Installation via Helm
kubectl create namespace cattle-system
helm repo add rancher-stable https://releases.rancher.com/server-charts/stable
helm repo update
helm install rancher rancher-stable/rancher \
--namespace cattle-system \
--set hostname=rancher.nstsdc.org \
--set replicas=1This deploys:
- The Rancher server pod
- A Rancher webhook
- A system-upgrade-controller
- Fleet (GitOps engine)
- CAPI (Cluster API) controllers
- Rancher Turtles (CAPI integration)
Helm values
| Setting | Value | Why |
|---|---|---|
hostname | rancher.nstsdc.org | The public URL Rancher listens on |
replicas | 1 | Single replica is enough for a small cluster |
Current Helm release: Rancher v2.13.1 (chart version 2.13.1)
Ingress and TLS
Rancher creates its own Ingress in the cattle-system namespace:
kubectl -n cattle-system get ingress rancherThe Ingress routes rancher.nstsdc.org to the Rancher service on port 80. Rancher handles TLS internally — it generates a self-signed CA and serves HTTPS on port 443.
Cloudflare Tunnel rule
Because Rancher uses HTTPS with a self-signed certificate, the Cloudflare Tunnel needs a special rule:
- hostname: "rancher.nstsdc.org"
service: https://localhost:443
originRequest:
noTLSVerify: trueThis tells cloudflared to connect to Rancher over HTTPS but skip TLS certificate verification (since the cert is self-signed).
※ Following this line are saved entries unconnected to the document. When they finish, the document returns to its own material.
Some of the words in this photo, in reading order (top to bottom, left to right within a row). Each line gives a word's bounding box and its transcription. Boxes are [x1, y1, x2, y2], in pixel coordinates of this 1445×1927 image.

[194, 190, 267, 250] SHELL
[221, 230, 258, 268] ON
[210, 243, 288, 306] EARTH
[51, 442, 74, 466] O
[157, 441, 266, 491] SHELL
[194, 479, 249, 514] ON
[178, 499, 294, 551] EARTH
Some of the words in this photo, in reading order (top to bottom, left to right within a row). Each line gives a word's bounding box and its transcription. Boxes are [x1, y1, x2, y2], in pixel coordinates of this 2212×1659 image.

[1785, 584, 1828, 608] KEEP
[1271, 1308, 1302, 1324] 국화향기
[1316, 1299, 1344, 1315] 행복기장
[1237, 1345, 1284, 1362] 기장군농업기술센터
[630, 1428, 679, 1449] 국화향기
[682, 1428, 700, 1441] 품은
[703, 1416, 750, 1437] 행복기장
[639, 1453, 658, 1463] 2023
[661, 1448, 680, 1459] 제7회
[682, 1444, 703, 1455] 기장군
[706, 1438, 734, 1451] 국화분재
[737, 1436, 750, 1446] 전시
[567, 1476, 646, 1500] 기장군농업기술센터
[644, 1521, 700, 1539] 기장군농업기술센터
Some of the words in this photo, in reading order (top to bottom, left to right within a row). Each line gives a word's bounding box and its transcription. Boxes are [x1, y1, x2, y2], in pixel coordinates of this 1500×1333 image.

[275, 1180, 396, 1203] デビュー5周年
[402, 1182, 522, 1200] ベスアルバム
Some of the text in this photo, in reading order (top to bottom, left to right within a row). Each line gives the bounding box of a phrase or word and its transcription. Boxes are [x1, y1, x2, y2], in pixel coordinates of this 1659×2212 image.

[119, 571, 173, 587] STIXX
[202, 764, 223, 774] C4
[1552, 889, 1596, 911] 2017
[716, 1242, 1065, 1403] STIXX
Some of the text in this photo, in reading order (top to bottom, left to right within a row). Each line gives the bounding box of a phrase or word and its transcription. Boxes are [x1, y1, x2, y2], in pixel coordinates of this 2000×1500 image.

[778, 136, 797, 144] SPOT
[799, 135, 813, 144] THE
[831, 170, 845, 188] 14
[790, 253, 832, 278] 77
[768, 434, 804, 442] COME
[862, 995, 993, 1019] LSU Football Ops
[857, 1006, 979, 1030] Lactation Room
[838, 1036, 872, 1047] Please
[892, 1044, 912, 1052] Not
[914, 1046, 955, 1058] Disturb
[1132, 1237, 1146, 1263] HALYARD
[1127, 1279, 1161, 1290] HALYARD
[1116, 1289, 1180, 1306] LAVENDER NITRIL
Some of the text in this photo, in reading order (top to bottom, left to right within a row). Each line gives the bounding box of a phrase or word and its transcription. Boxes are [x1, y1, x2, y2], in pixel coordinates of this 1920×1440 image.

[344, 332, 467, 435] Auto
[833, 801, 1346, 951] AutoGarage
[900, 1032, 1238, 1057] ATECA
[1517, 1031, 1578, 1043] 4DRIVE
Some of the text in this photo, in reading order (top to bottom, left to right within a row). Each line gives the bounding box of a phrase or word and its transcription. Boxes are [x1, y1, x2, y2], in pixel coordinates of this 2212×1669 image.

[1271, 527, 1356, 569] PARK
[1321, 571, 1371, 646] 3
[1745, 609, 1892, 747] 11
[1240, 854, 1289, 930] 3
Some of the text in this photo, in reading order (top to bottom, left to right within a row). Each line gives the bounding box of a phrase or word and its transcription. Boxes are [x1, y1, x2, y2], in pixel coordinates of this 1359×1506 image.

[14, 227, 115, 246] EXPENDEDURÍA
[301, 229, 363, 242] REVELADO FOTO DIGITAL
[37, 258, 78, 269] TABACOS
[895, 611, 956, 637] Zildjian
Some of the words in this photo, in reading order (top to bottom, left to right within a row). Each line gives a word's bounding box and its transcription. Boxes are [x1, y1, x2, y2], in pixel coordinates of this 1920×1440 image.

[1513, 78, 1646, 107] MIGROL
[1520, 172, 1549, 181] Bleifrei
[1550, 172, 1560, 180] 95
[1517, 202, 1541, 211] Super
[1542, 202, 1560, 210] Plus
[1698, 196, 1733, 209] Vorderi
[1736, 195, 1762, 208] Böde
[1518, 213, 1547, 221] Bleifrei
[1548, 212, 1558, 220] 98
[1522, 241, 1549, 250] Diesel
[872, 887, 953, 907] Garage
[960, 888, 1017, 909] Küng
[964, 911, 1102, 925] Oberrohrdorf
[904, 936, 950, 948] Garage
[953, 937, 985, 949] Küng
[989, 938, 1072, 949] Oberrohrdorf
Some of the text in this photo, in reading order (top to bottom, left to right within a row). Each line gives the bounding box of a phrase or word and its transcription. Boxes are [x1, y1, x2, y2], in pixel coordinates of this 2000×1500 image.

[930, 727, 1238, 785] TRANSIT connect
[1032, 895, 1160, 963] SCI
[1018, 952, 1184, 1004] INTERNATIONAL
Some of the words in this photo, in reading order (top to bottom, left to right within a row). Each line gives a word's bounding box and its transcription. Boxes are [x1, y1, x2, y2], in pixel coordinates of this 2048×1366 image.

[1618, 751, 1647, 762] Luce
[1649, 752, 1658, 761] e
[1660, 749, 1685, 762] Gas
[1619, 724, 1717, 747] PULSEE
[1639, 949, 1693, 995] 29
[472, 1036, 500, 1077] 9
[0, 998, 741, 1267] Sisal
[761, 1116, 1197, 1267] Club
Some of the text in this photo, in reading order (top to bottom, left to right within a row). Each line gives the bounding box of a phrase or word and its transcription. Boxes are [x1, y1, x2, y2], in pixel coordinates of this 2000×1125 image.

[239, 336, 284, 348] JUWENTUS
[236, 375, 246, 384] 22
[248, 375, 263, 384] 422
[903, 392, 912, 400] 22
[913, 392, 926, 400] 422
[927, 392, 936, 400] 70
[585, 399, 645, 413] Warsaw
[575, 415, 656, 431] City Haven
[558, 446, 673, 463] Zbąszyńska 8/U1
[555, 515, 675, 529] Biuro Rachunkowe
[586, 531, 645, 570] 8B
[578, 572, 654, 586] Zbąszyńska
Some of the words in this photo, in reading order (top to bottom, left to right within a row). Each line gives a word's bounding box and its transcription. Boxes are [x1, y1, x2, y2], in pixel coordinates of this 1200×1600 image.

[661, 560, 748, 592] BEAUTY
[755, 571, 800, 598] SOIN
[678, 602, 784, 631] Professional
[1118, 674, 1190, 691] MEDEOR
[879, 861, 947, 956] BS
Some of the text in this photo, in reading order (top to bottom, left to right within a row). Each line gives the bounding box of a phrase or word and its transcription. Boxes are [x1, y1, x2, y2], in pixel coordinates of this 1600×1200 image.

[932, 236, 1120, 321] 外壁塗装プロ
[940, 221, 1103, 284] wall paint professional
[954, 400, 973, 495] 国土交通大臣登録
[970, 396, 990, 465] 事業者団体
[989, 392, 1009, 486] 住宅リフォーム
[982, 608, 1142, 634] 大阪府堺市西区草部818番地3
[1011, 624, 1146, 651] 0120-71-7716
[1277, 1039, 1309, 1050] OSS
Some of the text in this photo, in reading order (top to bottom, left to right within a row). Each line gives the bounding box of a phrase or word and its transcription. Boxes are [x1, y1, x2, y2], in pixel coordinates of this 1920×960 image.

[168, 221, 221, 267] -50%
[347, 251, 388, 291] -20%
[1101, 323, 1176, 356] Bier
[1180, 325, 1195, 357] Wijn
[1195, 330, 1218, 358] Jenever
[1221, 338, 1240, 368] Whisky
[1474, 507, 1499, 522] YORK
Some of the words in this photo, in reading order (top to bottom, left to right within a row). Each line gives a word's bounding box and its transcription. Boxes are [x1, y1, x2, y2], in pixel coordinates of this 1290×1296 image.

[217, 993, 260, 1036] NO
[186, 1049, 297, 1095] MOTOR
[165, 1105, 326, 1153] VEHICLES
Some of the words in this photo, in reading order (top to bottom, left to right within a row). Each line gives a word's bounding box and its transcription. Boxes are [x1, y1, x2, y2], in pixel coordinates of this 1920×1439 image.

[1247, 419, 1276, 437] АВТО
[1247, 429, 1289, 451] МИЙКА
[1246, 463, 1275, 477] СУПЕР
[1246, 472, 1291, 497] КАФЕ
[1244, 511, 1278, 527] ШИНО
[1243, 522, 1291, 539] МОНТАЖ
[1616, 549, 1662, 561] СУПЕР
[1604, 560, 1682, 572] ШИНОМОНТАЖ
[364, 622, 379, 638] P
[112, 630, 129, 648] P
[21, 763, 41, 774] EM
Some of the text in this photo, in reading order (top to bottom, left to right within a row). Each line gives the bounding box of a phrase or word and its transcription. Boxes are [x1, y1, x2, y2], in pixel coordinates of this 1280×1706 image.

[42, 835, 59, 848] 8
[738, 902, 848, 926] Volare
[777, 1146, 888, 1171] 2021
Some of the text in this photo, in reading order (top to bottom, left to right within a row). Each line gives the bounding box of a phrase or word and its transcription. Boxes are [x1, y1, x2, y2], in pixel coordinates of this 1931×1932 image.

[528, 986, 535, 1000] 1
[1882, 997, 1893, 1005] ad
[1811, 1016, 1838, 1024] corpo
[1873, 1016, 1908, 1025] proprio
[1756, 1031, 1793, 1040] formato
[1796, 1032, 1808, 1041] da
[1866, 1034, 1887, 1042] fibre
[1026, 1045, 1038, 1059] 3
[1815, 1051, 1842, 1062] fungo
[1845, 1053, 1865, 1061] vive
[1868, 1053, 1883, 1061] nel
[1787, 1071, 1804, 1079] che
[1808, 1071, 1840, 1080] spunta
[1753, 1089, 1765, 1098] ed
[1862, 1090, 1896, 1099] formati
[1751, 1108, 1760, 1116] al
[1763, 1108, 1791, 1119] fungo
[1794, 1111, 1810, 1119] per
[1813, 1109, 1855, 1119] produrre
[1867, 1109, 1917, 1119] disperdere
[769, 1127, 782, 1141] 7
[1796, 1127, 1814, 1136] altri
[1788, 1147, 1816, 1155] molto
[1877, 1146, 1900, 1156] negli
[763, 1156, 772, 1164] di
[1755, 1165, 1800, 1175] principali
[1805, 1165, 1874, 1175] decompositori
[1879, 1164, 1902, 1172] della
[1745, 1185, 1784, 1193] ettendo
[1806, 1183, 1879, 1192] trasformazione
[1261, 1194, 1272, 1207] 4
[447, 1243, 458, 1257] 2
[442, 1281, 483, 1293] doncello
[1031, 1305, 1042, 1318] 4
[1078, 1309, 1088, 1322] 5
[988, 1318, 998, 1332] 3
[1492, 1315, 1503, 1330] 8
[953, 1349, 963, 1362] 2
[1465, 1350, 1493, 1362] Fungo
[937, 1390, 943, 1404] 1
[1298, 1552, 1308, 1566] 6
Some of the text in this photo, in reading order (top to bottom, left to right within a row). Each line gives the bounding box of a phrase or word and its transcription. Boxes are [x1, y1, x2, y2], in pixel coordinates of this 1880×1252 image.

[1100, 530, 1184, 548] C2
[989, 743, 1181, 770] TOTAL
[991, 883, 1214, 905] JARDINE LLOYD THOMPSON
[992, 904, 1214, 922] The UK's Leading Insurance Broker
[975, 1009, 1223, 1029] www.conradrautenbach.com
This rule must appear before the wildcard HTTP rule in the tunnel config.
What Rancher deploys
When you install Rancher, it creates several namespaces and controllers:
| Namespace | Components |
|---|---|
cattle-system | Rancher server, webhook, system-upgrade-controller |
cattle-fleet-system | Fleet controller, gitjob, helmops |
cattle-fleet-local-system | Fleet agent (for the local cluster) |
cattle-capi-system | Cluster API controller |
cattle-turtles-system | Rancher Turtles (CAPI integration) |
These are all managed by Rancher and generally should not be modified manually.
Using Rancher
Viewing workloads
Navigate to: Cluster > local > Workloads
You will see all deployments, StatefulSets, DaemonSets, and Jobs across all namespaces.
Viewing logs
Click on any pod, then click "View Logs". This is equivalent to kubectl logs <pod>.
Shell access
Click on any pod, then click "Execute Shell". This opens a terminal inside the container — equivalent to kubectl exec -it <pod> -- sh.
Managing ingresses
Navigate to: Cluster > local > Service Discovery > Ingresses
This shows all Ingress rules, their hostnames, and which services they route to.
Health notes
Some Rancher components may show high restart counts. This typically indicates resource pressure (Rancher is memory-hungry) or brief API server connectivity issues. As long as the pods are in Running state and the UI is accessible, the restarts are cosmetic.